Wednesday, June 11th, 2008 by Matthew Bolin

Robbie Robertson’s recorded output with his legendary band — that is, The Band — and his solo career would seem like different beasts on the surface. While The Band was known for its exploration of the various forms of American roots music — folk, country, and rhythm and blues — his solo recordings have aimed for a more expansive sound, incorporating electronic instrumentation, prog-rock arrangements, and even dance remixes. But beyond that, Robertson’s solo career actually follows a similar level of output as The Band: two good albums (or in the case of The Band’s first two, great albums), followed by a few more middling works, and then absolutely nothing for at least a decade. Eleven years passed between The Last Waltz and Robbie Robertson, and it was ten years this March that Robertson’s most recent record (Contact From the Underworld of Red Boy) came out. Don’t expect that drought to be broken any time soon: The only times in the last few years that Robertson has been attached to music was to help oversee The Band’s 2005 retrospective box set, and to make an abbreviated appearance at Eric Clapton’s Crossroads guitar festival last year.

Robertson’s solo career also follows a similar pattern as to his time both within The Band, and after their breakup: the pattern of being a flaming jag-off. How much a jerk you believe Robertson to be is usually inversely proportional to how much you like his former Band-mate, Levon Helm, since most of the more juicy tales about Robertson are tied to the decades-long feud between the two men.

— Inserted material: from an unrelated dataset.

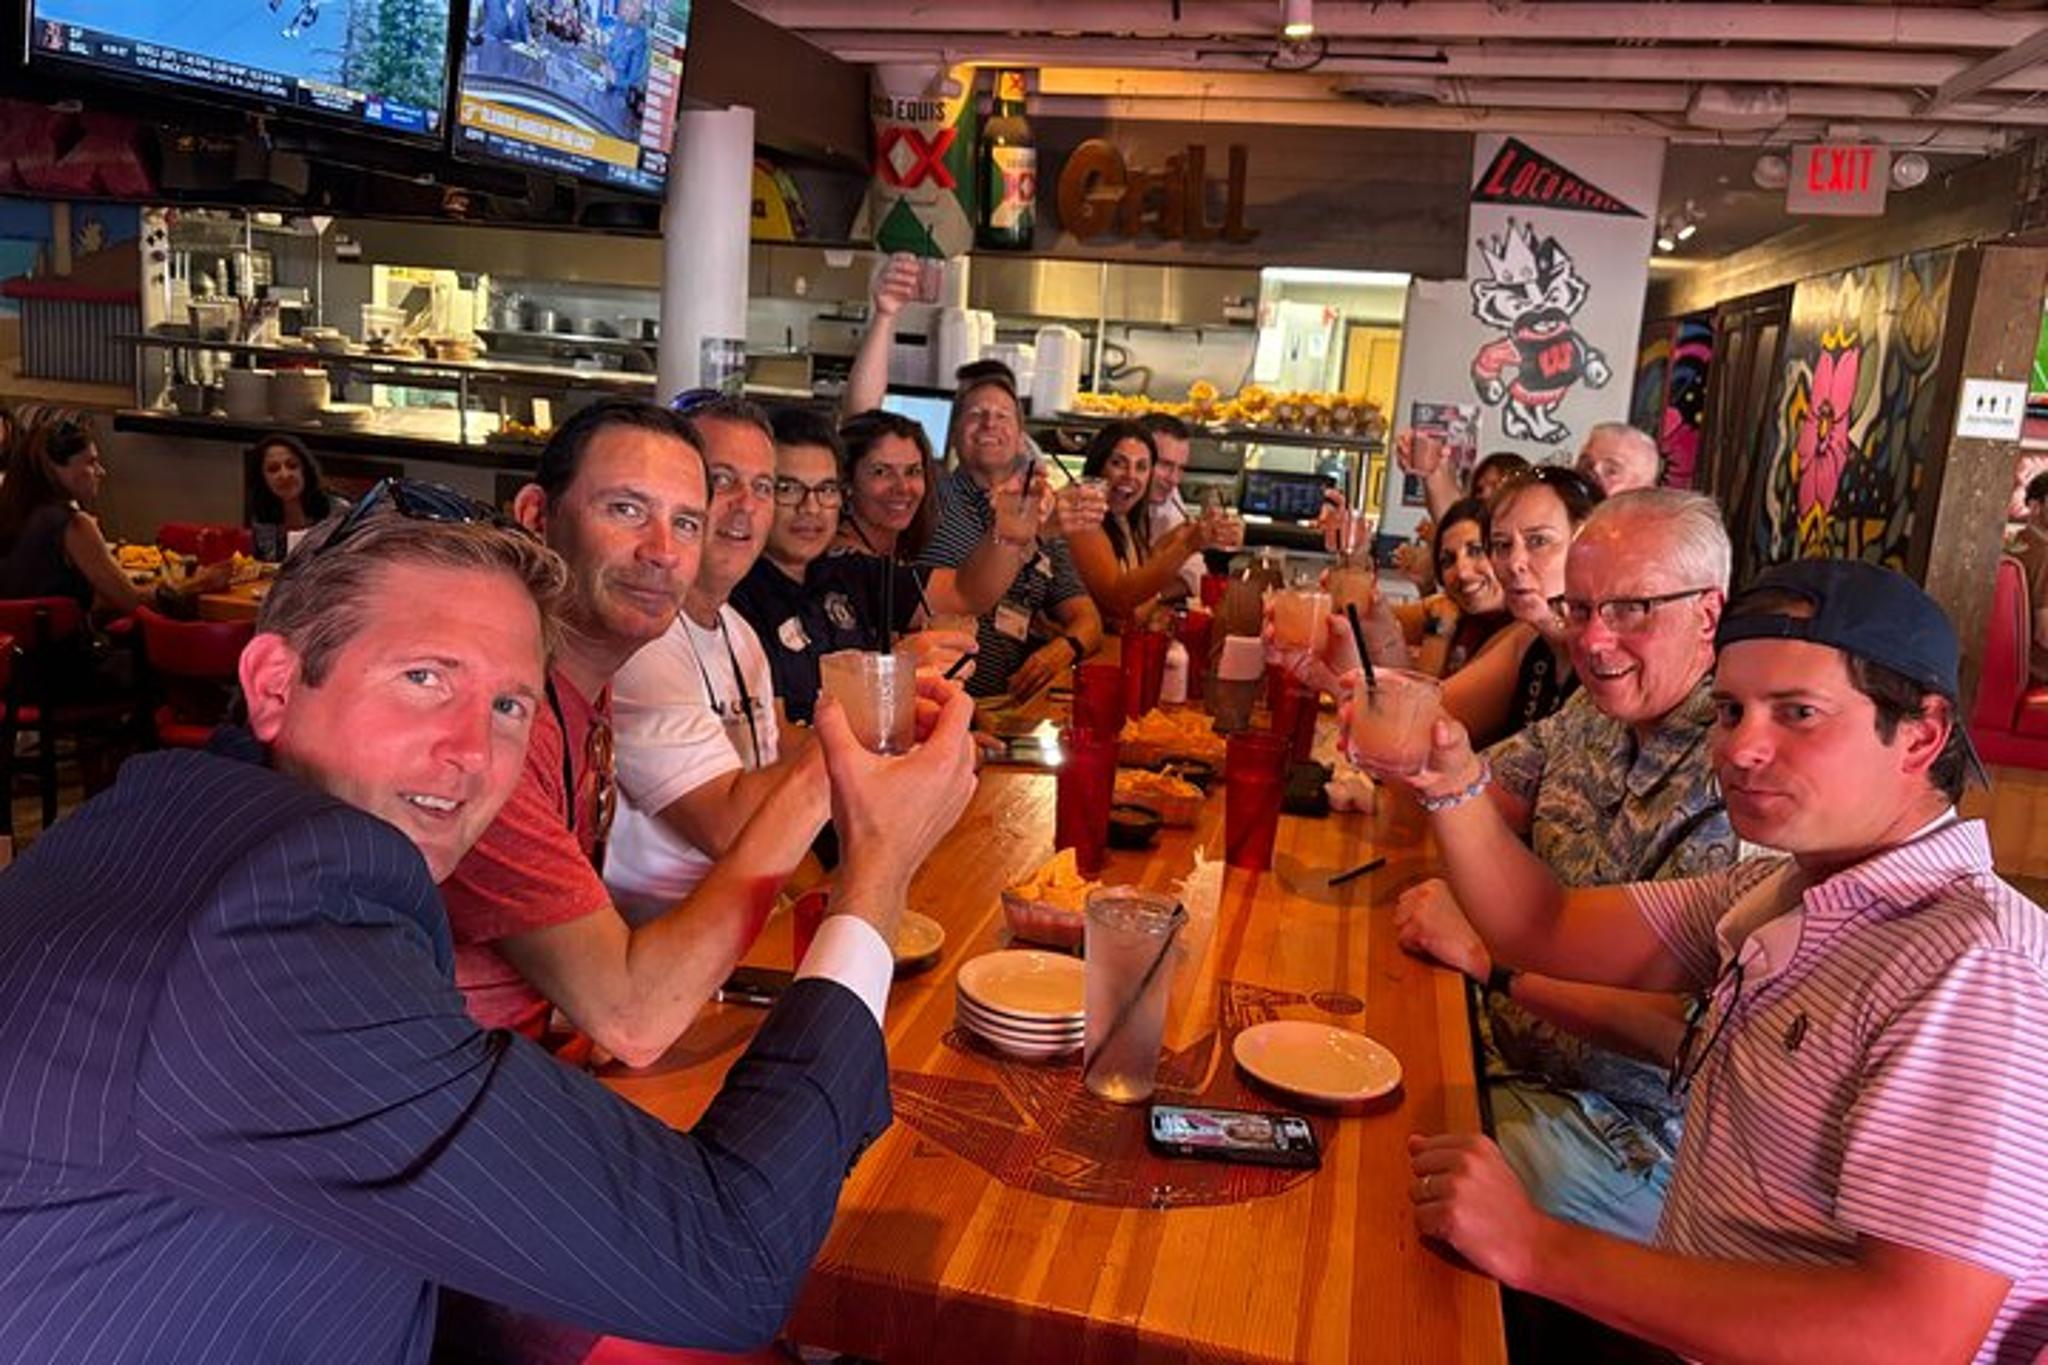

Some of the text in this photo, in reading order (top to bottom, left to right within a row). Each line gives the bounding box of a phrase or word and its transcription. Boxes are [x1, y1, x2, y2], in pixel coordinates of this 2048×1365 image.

-Both blame the other for the suicide of The Band’s Richard Manuel. Robertson blames Helm because Helm supposedly dragged Manuel along on the sans-Robertson incarnation of The Band, putting more pressure on the depressed and alcoholic Manuel until he got to the breaking point and hung himself in his Florida hotel room during a 1986 tour. Helm blames Robertson for breaking up The Band via his unilateral decision, and leading Manuel to be in no financial position to to afford proper treatment (since Robertson controlled almost all the songwriting and publishing royalties), and contends that re-forming The Band actually allowed Manuel to survive longer, regardless of his tragic end coming on tour. Robertson would eulogize Manuel on the opening track of his first solo album, “Fallen Angel” (download). (more…)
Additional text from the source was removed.